* Prompt *
A word-for-word copy of the entries, with the images left out, is what you should write.

***** Supplied records *****

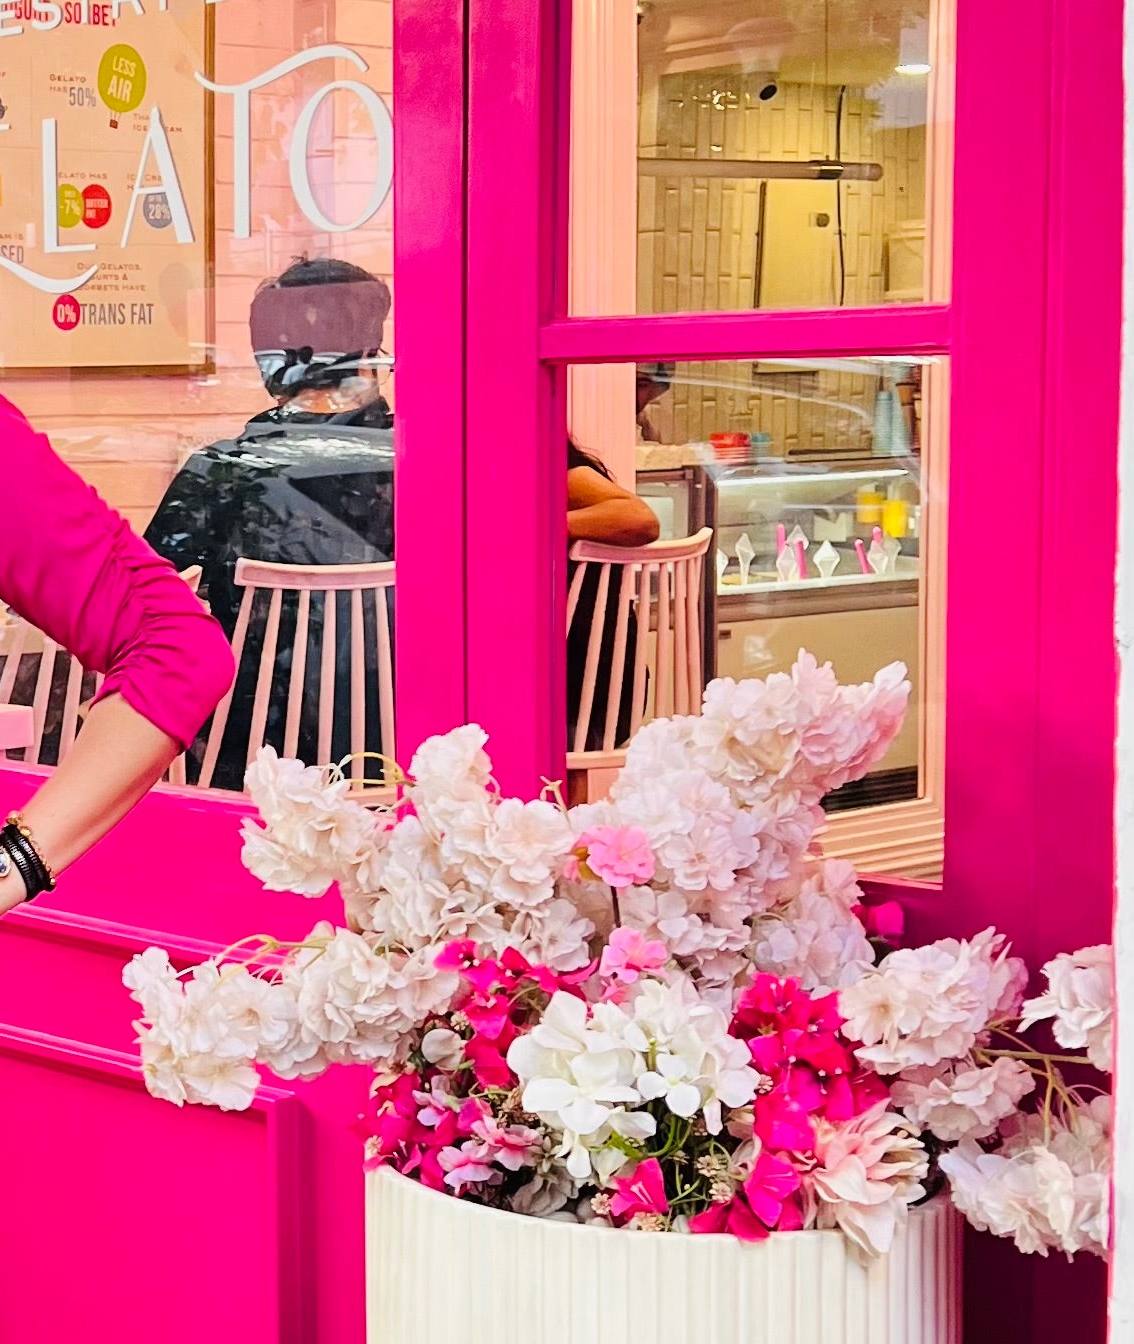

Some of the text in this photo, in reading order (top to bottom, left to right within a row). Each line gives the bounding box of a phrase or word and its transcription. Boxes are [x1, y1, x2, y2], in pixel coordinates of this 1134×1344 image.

[64, 2, 116, 27] SOBE
[112, 56, 136, 77] LESS
[49, 73, 86, 83] GELATO
[69, 87, 97, 107] 50%
[107, 75, 133, 103] AIR
[58, 171, 85, 179] ELATO
[56, 302, 154, 325] 0% TRANS FAT

*****

* Solution below *
Some of the text in this photo, in reading order (top to bottom, left to right within a row). Each line gives the bounding box of a phrase or word and its transcription. Boxes are [x1, y1, x2, y2], in pixel coordinates of this 1134×1344 image.

[64, 2, 116, 27] SOBE
[112, 56, 136, 77] LESS
[49, 73, 86, 83] GELATO
[69, 87, 97, 107] 50%
[107, 75, 133, 103] AIR
[58, 171, 85, 179] ELATO
[56, 302, 154, 325] 0% TRANS FAT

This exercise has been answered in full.